On January 10, 2007, a Eurocopter AS 350 B-2 helicopter was being relocated from a landing pad at the company base in Grande Cache, Alta., to a nearby parking area. Visibility was about 0.7 SM in falling dry snow, and there were approximately 4 in. of dry snow on the ground. After liftoff, the pilot established the helicopter in a hover at 15–20 ft above ground level (AGL). In conditions of blowing snow, the helicopter moved forward and to the right, and then down. The helicopter then struck a 4-ft high snow bank and the main rotor blades struck the ground. The helicopter came to rest upright; however, it was substantially damaged. The pilot sustained minor injury. There was no report of a system malfunction. TSB File A07W0006.
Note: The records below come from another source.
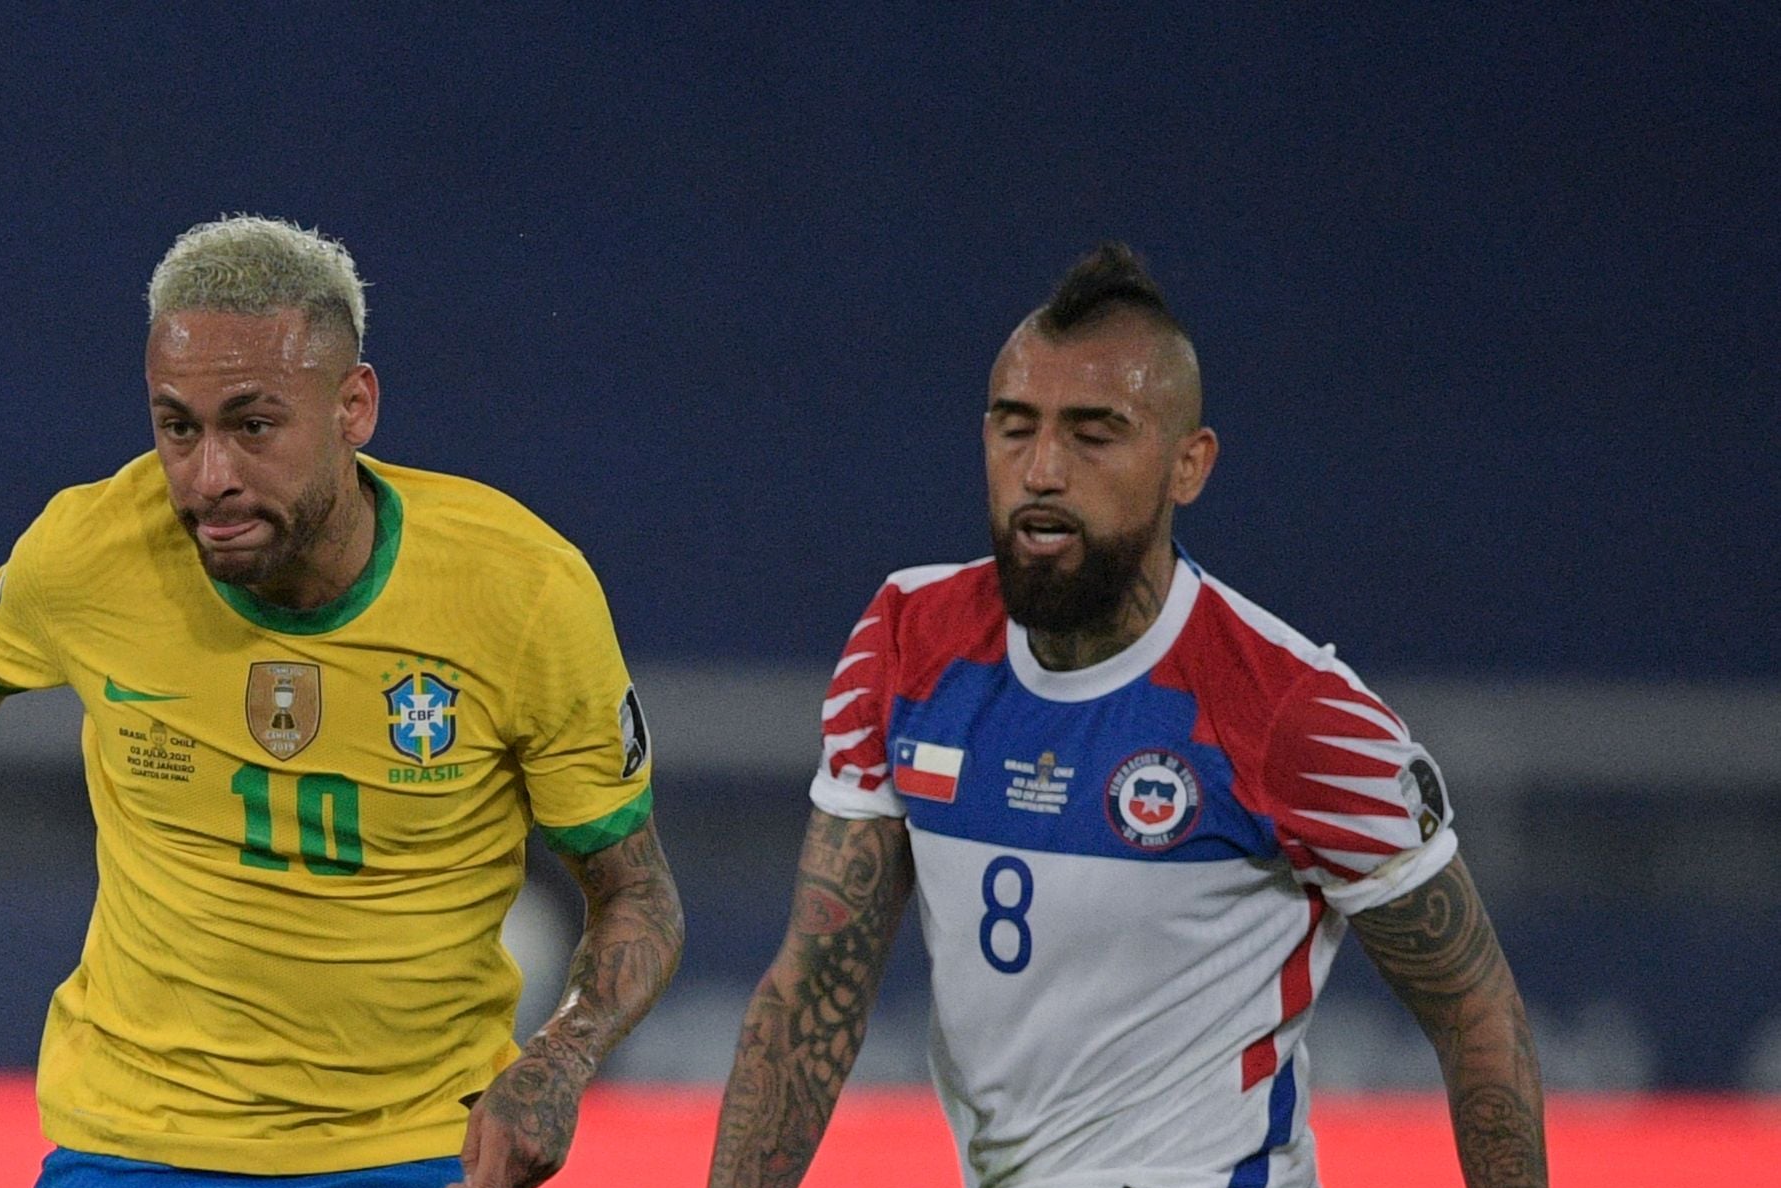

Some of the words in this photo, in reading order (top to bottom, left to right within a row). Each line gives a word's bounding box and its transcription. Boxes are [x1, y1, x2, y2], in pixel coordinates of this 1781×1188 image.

[408, 709, 435, 721] CBF
[119, 727, 148, 742] BRASIL
[170, 737, 196, 749] CHILE
[127, 755, 142, 766] RIO
[143, 759, 154, 769] DE
[156, 761, 196, 774] JANEIRO
[142, 748, 168, 759] JULIO
[170, 752, 192, 763] 2021
[388, 765, 465, 784] BRASIL
[230, 762, 365, 876] 10
[979, 854, 1034, 975] 8
On January 10, 2007, a Bell 47 helicopter, with an instructor and student on board, encountered heavy snow showers and rapid in-flight rotor blade icing as it entered the Abbotsford,B.C., control zone from the east practice area(Sumas). The instructor elected to land immediately in a clear area near a freeway, but he could not maintain altitude with the available power and rotor rpm. The helicopter touched down on the crest of the median of the divided highway and bounced, touched down again, and turned 180° to the right before coming to rest upright near the highway. The occupants were not injured and there was no fire. Damage occurred to the skids, tail boom, and tail rotor blades; the main rotor did not contact the tail boom and was undamaged. Examination of the helicopter revealed no mechanical anomaly. A review of the local weather at the time of the accident shows that a severe snow squall passed through the area, containing a mixture of rain, wet snow, andpossibly freezing rain. TSB File A07P0018.
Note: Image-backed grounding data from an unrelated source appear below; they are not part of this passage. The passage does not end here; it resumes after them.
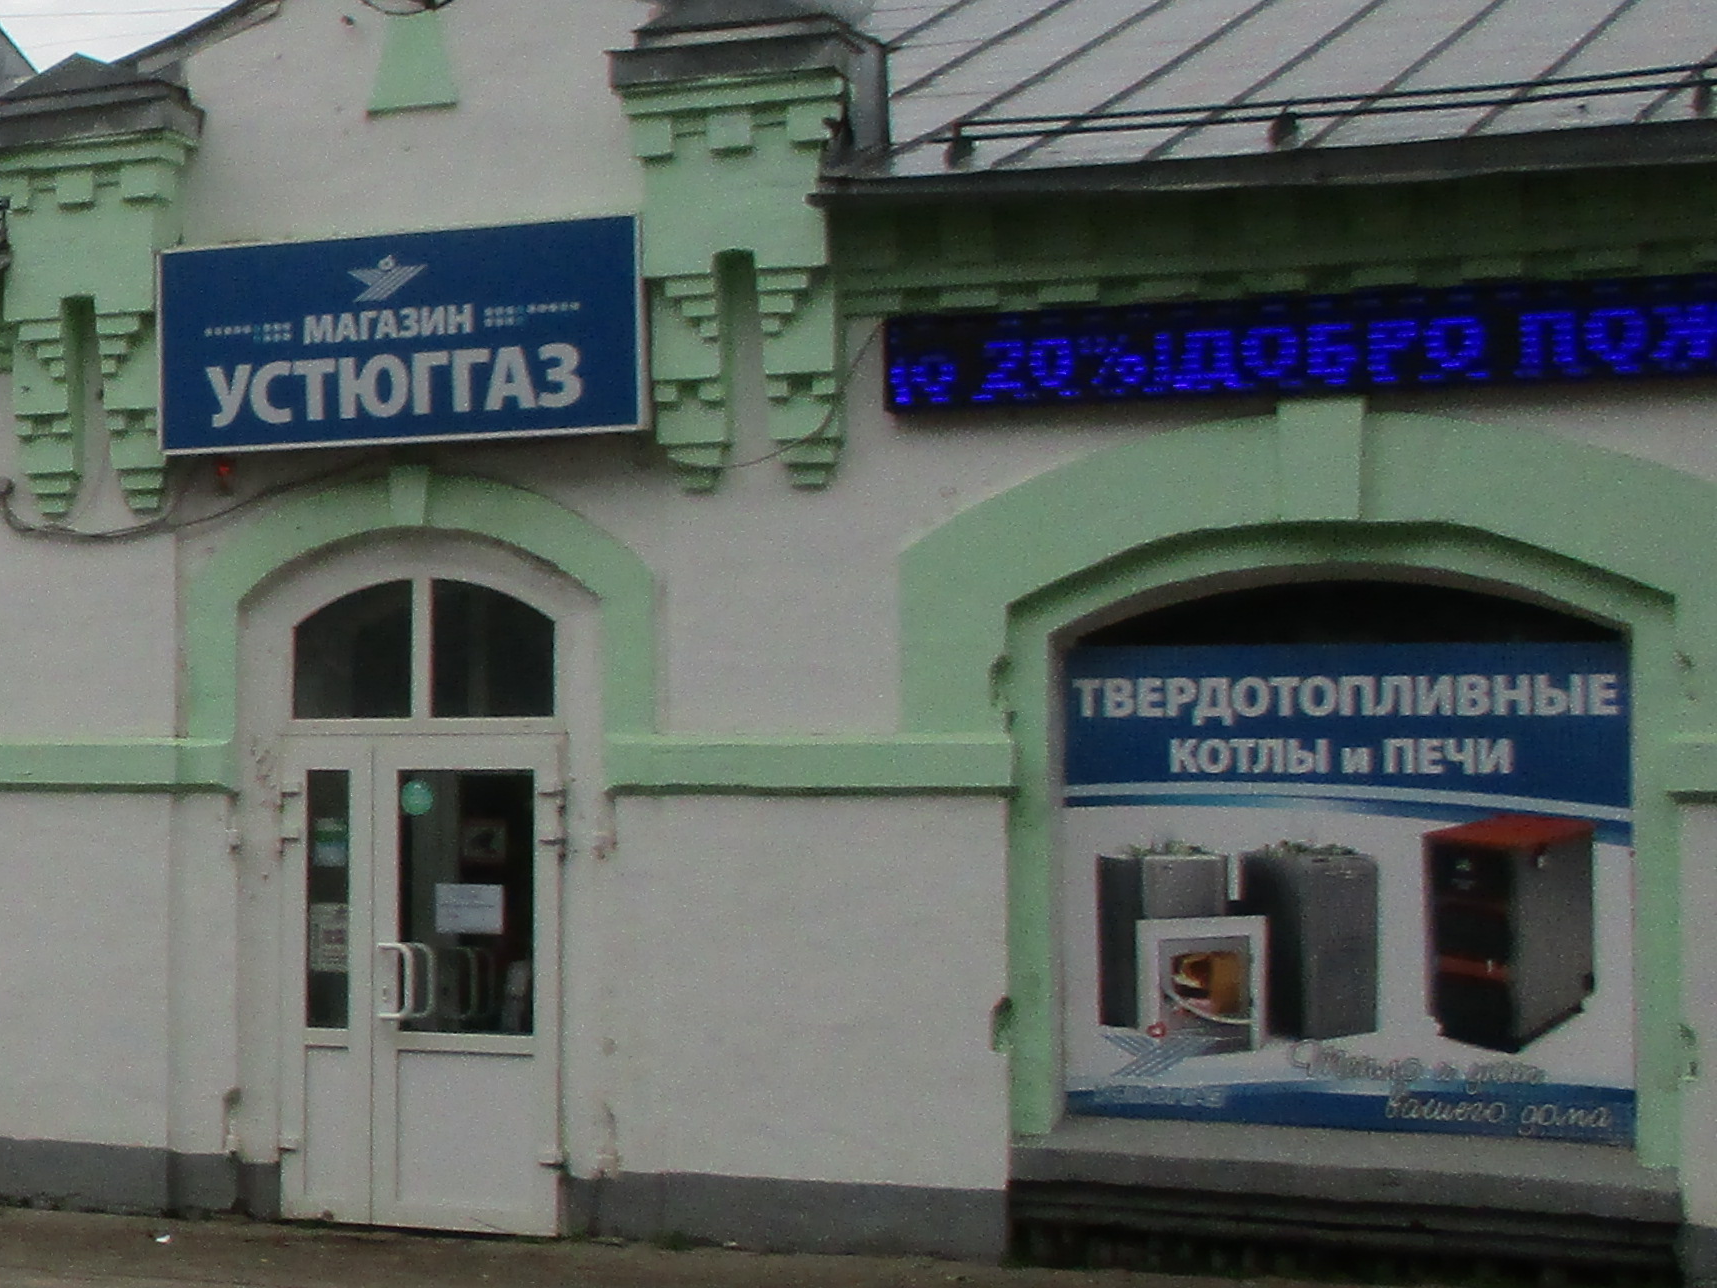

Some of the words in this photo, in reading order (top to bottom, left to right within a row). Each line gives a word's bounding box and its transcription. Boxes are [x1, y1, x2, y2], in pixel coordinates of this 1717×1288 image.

[303, 303, 475, 346] МАГАЗИН
[205, 342, 584, 429] УСТЮГГАЗ
[1072, 673, 1620, 726] ТВЕРДОТОПЛИВНЫЕ
[1169, 738, 1329, 776] КОТЛЫ
[1382, 738, 1514, 775] ПЕЧИ
[1384, 1085, 1507, 1125] вашего
[1518, 1100, 1611, 1138] дома
On January 12, 2007, while attempting to start a cold soaked, ski-equipped Cessna 185F, the engine was over-primed. The engine subsequently started at an unusually high rpm; the aircraft departed its parking spot and struck a snowbank. The aircraft sustained damage to its right wing, right landing gear leg, and horizontal stabilizer. TSB File A07C0006.
On January 24, 2007, a Cessna 401B was landing on Runway 22 at Swift Current, Sask. After touchdown, the right main landing gear collapsed. The right wing contacted the runway surface and the aircraft veered to the right off the runway surface. There were no injuries. Information provided indicated that all three wheels showed down and locked prior to touchdown, and that the warning horn did not activate until the right main landing gear began to collapse. Examination by company maintenance found that a double-ended adjusting screw (LH and RH threads) broke at the rod end and allowed the side brace to unlock from its overcenter position. TSB File A07C0016.
On January 28, 2007, a Cessna 172H was on approach for Runway 33 at the St-Mathieu-de-Beloeil, Que., aerodrome. The aircraft landed approximately 200 ft before the runway threshold, on a snow-covered surface, and turned over onto its back. The pilot was not injured in the accident. TSB File A07Q0023.